◆ Required work
The reply is to be an exact repetition of the entries that follow, with each picture left out.

(Stored entries)
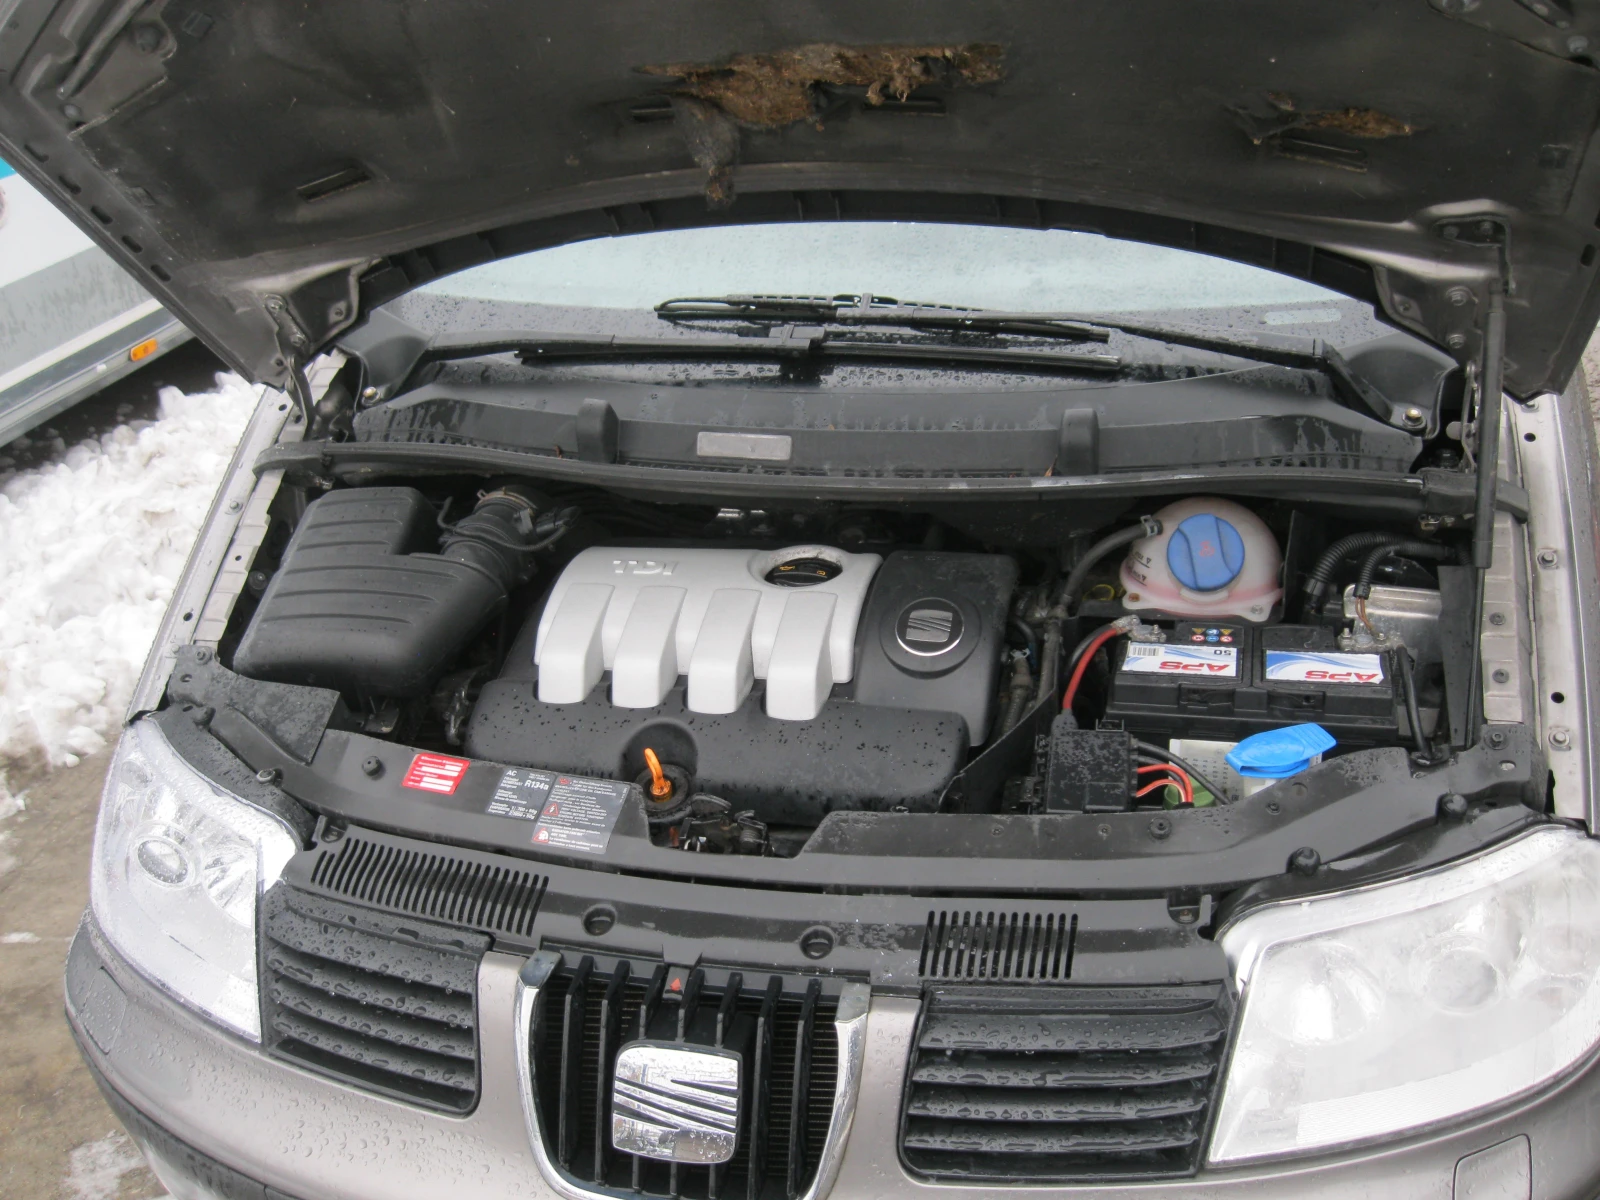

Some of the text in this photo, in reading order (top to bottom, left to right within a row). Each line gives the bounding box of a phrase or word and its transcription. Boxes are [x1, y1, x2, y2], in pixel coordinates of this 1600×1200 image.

[613, 560, 679, 575] TDI
[1159, 661, 1230, 673] APS
[1305, 670, 1379, 683] APS
[524, 779, 550, 790] R134a
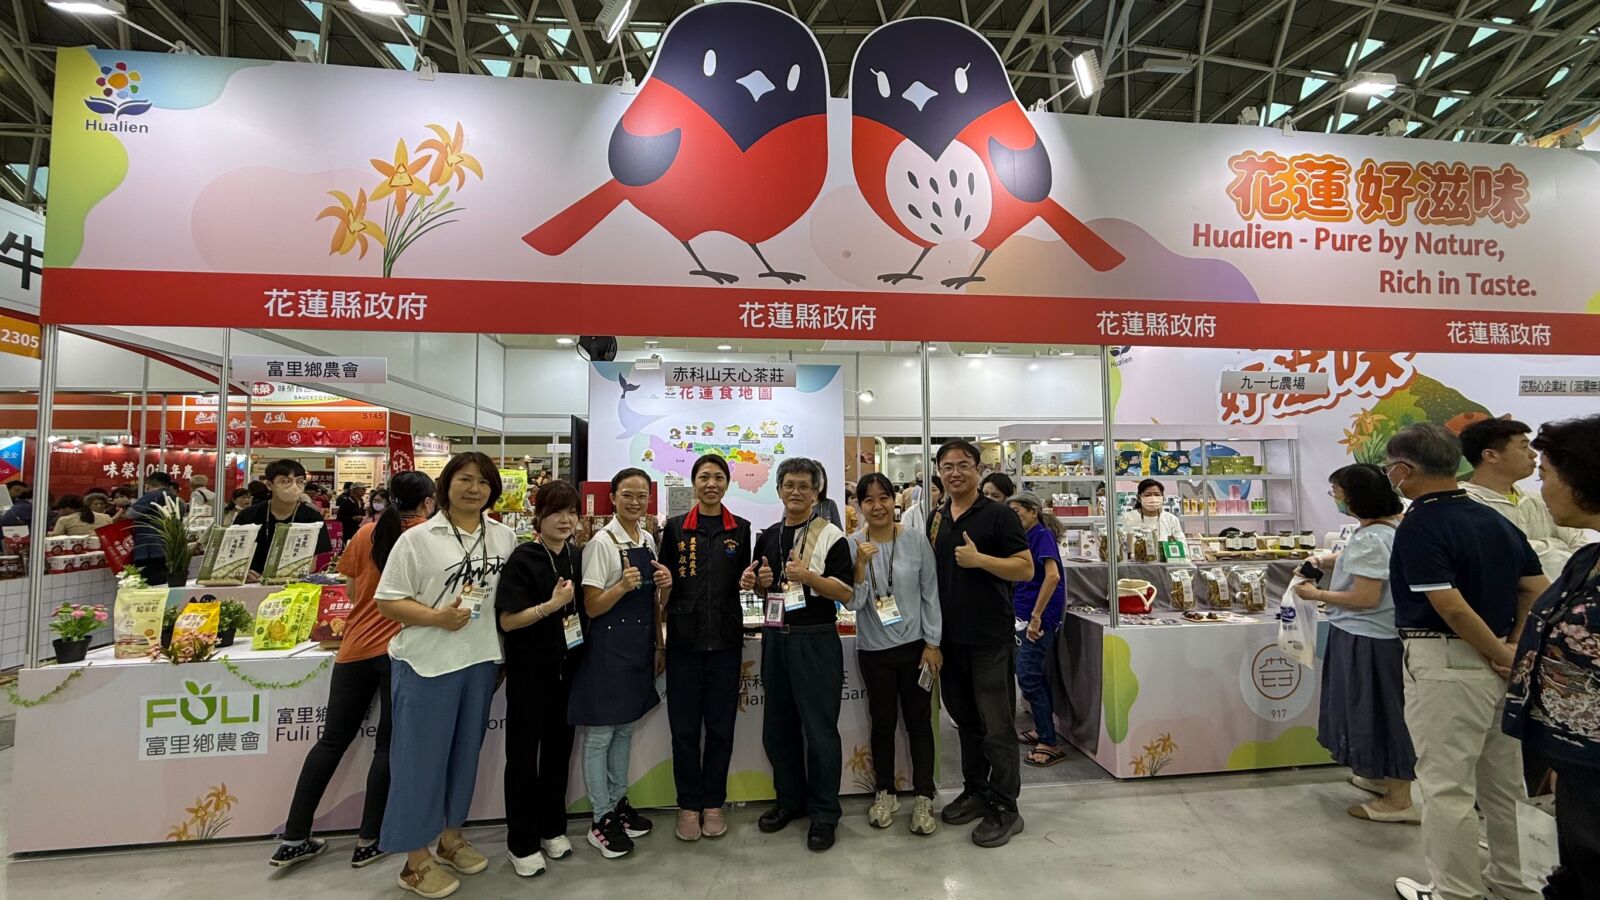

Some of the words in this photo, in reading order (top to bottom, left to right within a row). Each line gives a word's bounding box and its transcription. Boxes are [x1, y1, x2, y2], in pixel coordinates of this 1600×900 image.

[85, 119, 149, 134] Hualien
[1192, 223, 1293, 250] Hualien
[1314, 227, 1372, 253] Pure
[1378, 228, 1408, 260] by
[1414, 231, 1506, 262] Nature,
[1379, 270, 1432, 295] Rich
[1438, 270, 1460, 295] in
[1465, 271, 1537, 297] Taste.
[263, 288, 428, 321] 花蓮縣政府
[738, 301, 877, 331] 花蓮縣政府
[1096, 310, 1217, 338] 花蓮縣政府
[1446, 320, 1552, 346] 花蓮縣政府
[266, 361, 360, 379] 富里鄉農會
[672, 366, 785, 383] 赤科山天心茶莊
[679, 385, 773, 401] 花蓮食地圖
[1240, 375, 1306, 391] 九一七農場
[146, 693, 260, 728] FULI
[1271, 709, 1287, 719] 917
[145, 732, 261, 757] 富里鄉農會
[276, 726, 310, 742] Fuli
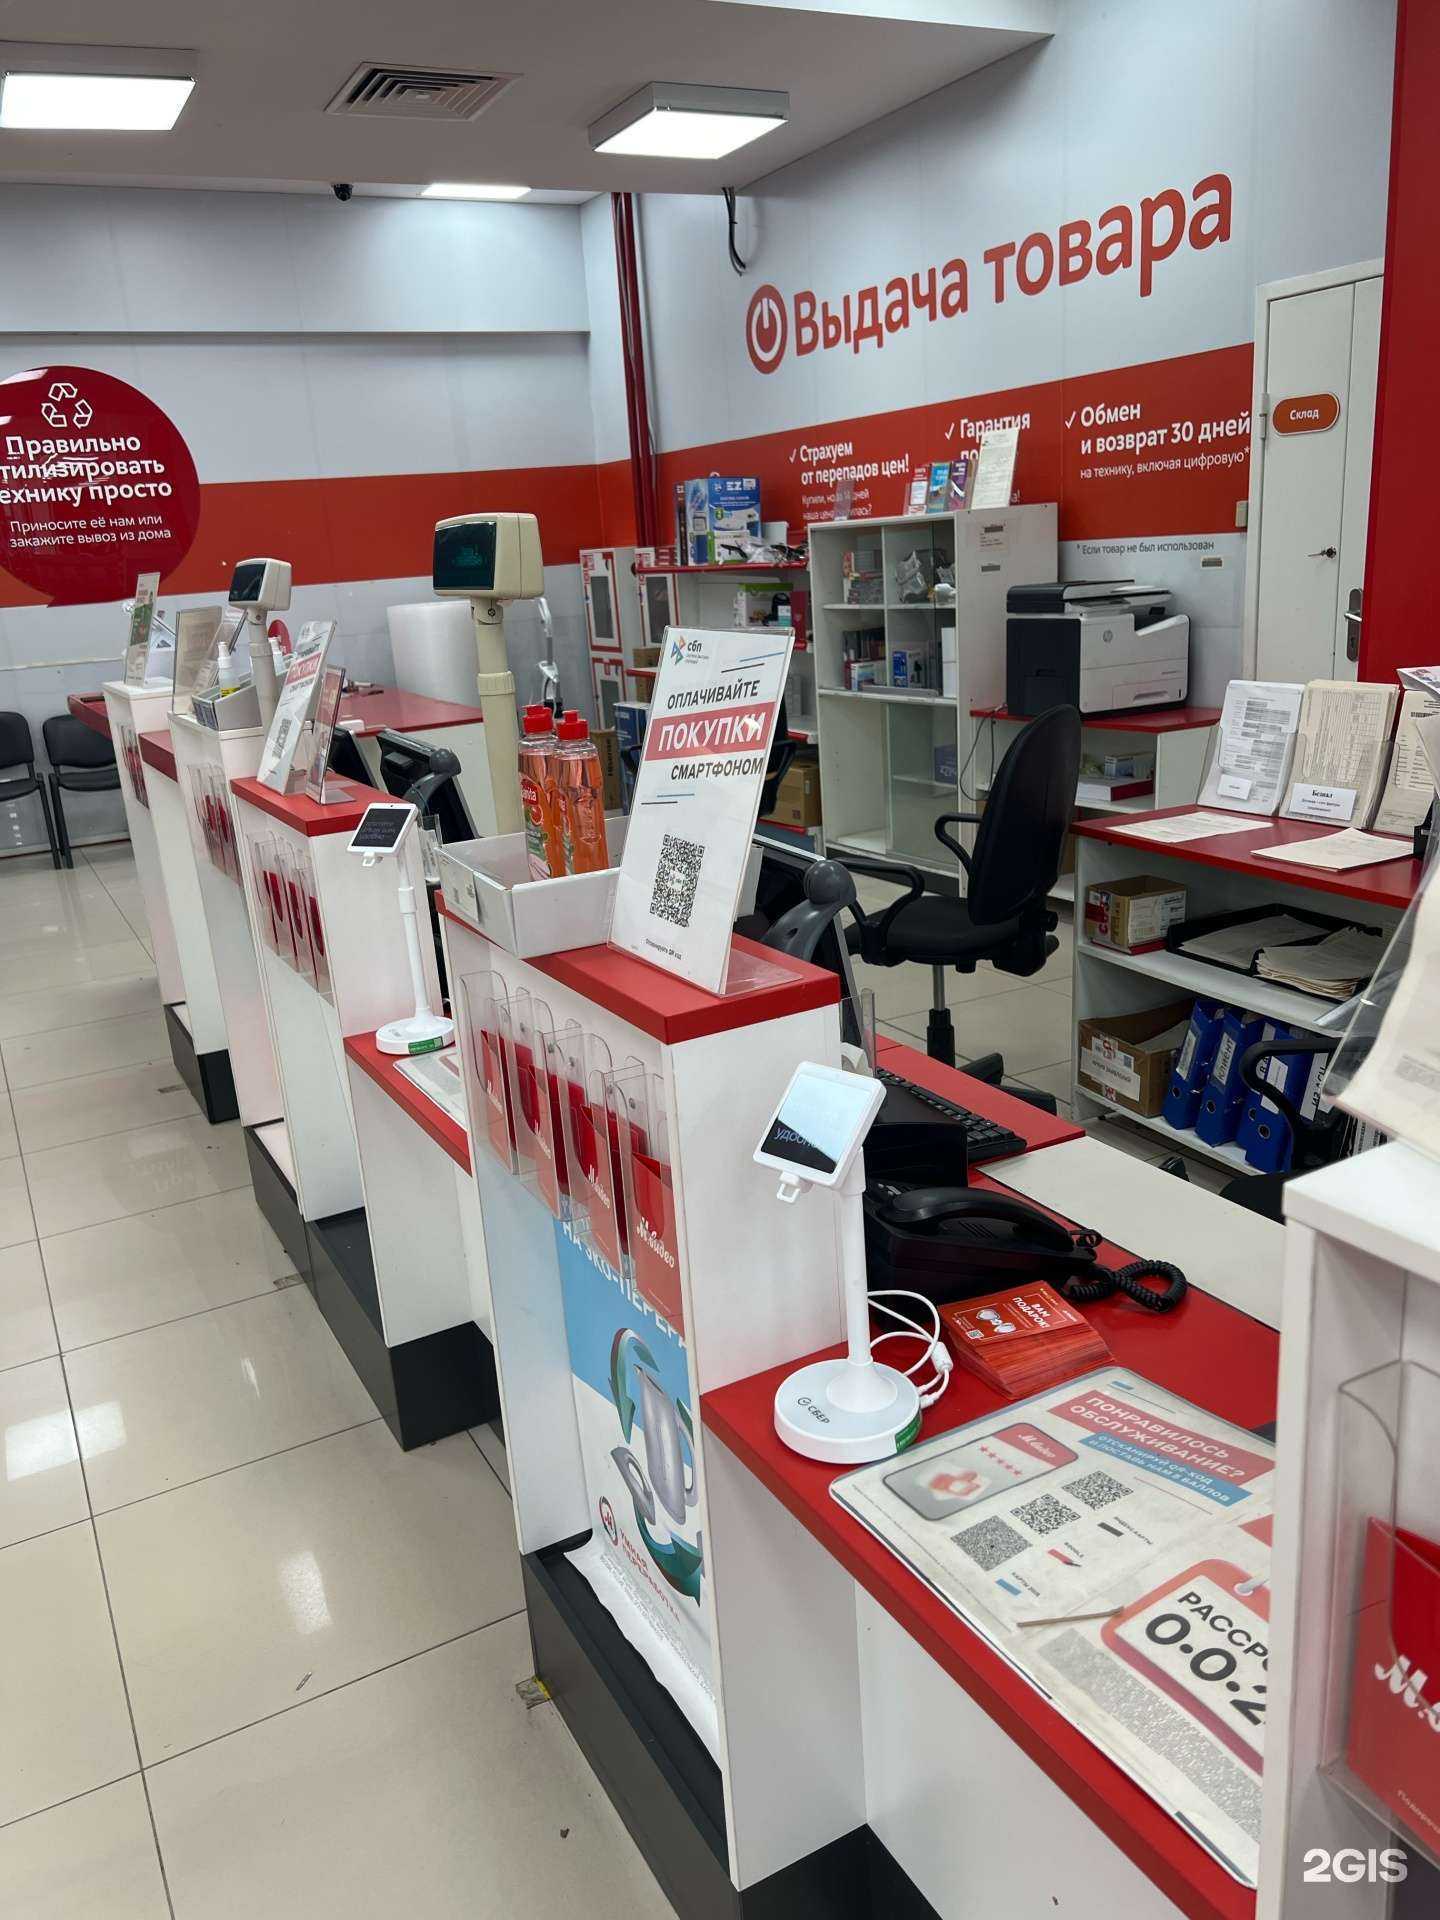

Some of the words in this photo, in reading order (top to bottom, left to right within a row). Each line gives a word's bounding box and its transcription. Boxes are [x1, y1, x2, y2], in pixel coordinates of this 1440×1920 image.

[794, 258, 969, 356] Выдача
[982, 172, 1233, 304] товара
[1080, 403, 1141, 427] Обмен
[1289, 408, 1319, 421] Склад
[960, 413, 1031, 442] Гарантия
[1081, 437, 1091, 455] и
[1097, 427, 1167, 455] возврат
[1171, 421, 1194, 444] 30
[1198, 411, 1251, 443] дней
[5, 436, 141, 461] Правильно
[800, 441, 853, 464] Страхуем
[0, 459, 165, 482] тилизировать
[801, 471, 814, 486] от
[816, 462, 879, 488] перепадов
[882, 454, 910, 476] цен!
[1080, 467, 1092, 480] на
[1094, 461, 1136, 478] технику,
[1137, 458, 1181, 474] включая
[0, 485, 83, 508] ехнику
[89, 482, 172, 505] просто
[10, 520, 87, 535] Приносите
[90, 516, 106, 528] её
[109, 516, 135, 528] нам
[138, 515, 163, 526] или
[10, 533, 74, 548] закажите
[78, 532, 117, 544] вывоз
[120, 531, 135, 541] из
[137, 529, 172, 542] дома
[1082, 544, 1100, 555] Если
[1102, 544, 1125, 556] товар
[1127, 545, 1137, 553] не
[1139, 541, 1155, 553] был
[1157, 541, 1215, 554] использован
[687, 639, 702, 653] сбп
[667, 677, 760, 710] ОПЛАЧИВАЙТЕ
[658, 712, 766, 752] ПОКУПКИ
[671, 757, 764, 780] СМАРТФОНОМ
[808, 1405, 830, 1424] СБЕР
[1086, 1397, 1229, 1459] ПОНРАВИЛОСЬ
[1070, 1404, 1246, 1478] ОБСЛУЖИВАНИЕ?

◆ Written response
Some of the text in this photo, in reading order (top to bottom, left to right within a row). Each line gives the bounding box of a phrase or word and its transcription. Boxes are [x1, y1, x2, y2], in pixel coordinates of this 1600×1200 image.

[613, 560, 679, 575] TDI
[1159, 661, 1230, 673] APS
[1305, 670, 1379, 683] APS
[524, 779, 550, 790] R134a

Some of the words in this photo, in reading order (top to bottom, left to right within a row). Each line gives a word's bounding box and its transcription. Boxes are [x1, y1, x2, y2], in pixel coordinates of this 1600×900 image.

[85, 119, 149, 134] Hualien
[1192, 223, 1293, 250] Hualien
[1314, 227, 1372, 253] Pure
[1378, 228, 1408, 260] by
[1414, 231, 1506, 262] Nature,
[1379, 270, 1432, 295] Rich
[1438, 270, 1460, 295] in
[1465, 271, 1537, 297] Taste.
[263, 288, 428, 321] 花蓮縣政府
[738, 301, 877, 331] 花蓮縣政府
[1096, 310, 1217, 338] 花蓮縣政府
[1446, 320, 1552, 346] 花蓮縣政府
[266, 361, 360, 379] 富里鄉農會
[672, 366, 785, 383] 赤科山天心茶莊
[679, 385, 773, 401] 花蓮食地圖
[1240, 375, 1306, 391] 九一七農場
[146, 693, 260, 728] FULI
[1271, 709, 1287, 719] 917
[145, 732, 261, 757] 富里鄉農會
[276, 726, 310, 742] Fuli

Some of the words in this photo, in reading order (top to bottom, left to right within a row). Each line gives a word's bounding box and its transcription. Boxes are [x1, y1, x2, y2], in pixel coordinates of this 1440×1920 image.

[794, 258, 969, 356] Выдача
[982, 172, 1233, 304] товара
[1080, 403, 1141, 427] Обмен
[1289, 408, 1319, 421] Склад
[960, 413, 1031, 442] Гарантия
[1081, 437, 1091, 455] и
[1097, 427, 1167, 455] возврат
[1171, 421, 1194, 444] 30
[1198, 411, 1251, 443] дней
[5, 436, 141, 461] Правильно
[800, 441, 853, 464] Страхуем
[0, 459, 165, 482] тилизировать
[801, 471, 814, 486] от
[816, 462, 879, 488] перепадов
[882, 454, 910, 476] цен!
[1080, 467, 1092, 480] на
[1094, 461, 1136, 478] технику,
[1137, 458, 1181, 474] включая
[0, 485, 83, 508] ехнику
[89, 482, 172, 505] просто
[10, 520, 87, 535] Приносите
[90, 516, 106, 528] её
[109, 516, 135, 528] нам
[138, 515, 163, 526] или
[10, 533, 74, 548] закажите
[78, 532, 117, 544] вывоз
[120, 531, 135, 541] из
[137, 529, 172, 542] дома
[1082, 544, 1100, 555] Если
[1102, 544, 1125, 556] товар
[1127, 545, 1137, 553] не
[1139, 541, 1155, 553] был
[1157, 541, 1215, 554] использован
[687, 639, 702, 653] сбп
[667, 677, 760, 710] ОПЛАЧИВАЙТЕ
[658, 712, 766, 752] ПОКУПКИ
[671, 757, 764, 780] СМАРТФОНОМ
[808, 1405, 830, 1424] СБЕР
[1086, 1397, 1229, 1459] ПОНРАВИЛОСЬ
[1070, 1404, 1246, 1478] ОБСЛУЖИВАНИЕ?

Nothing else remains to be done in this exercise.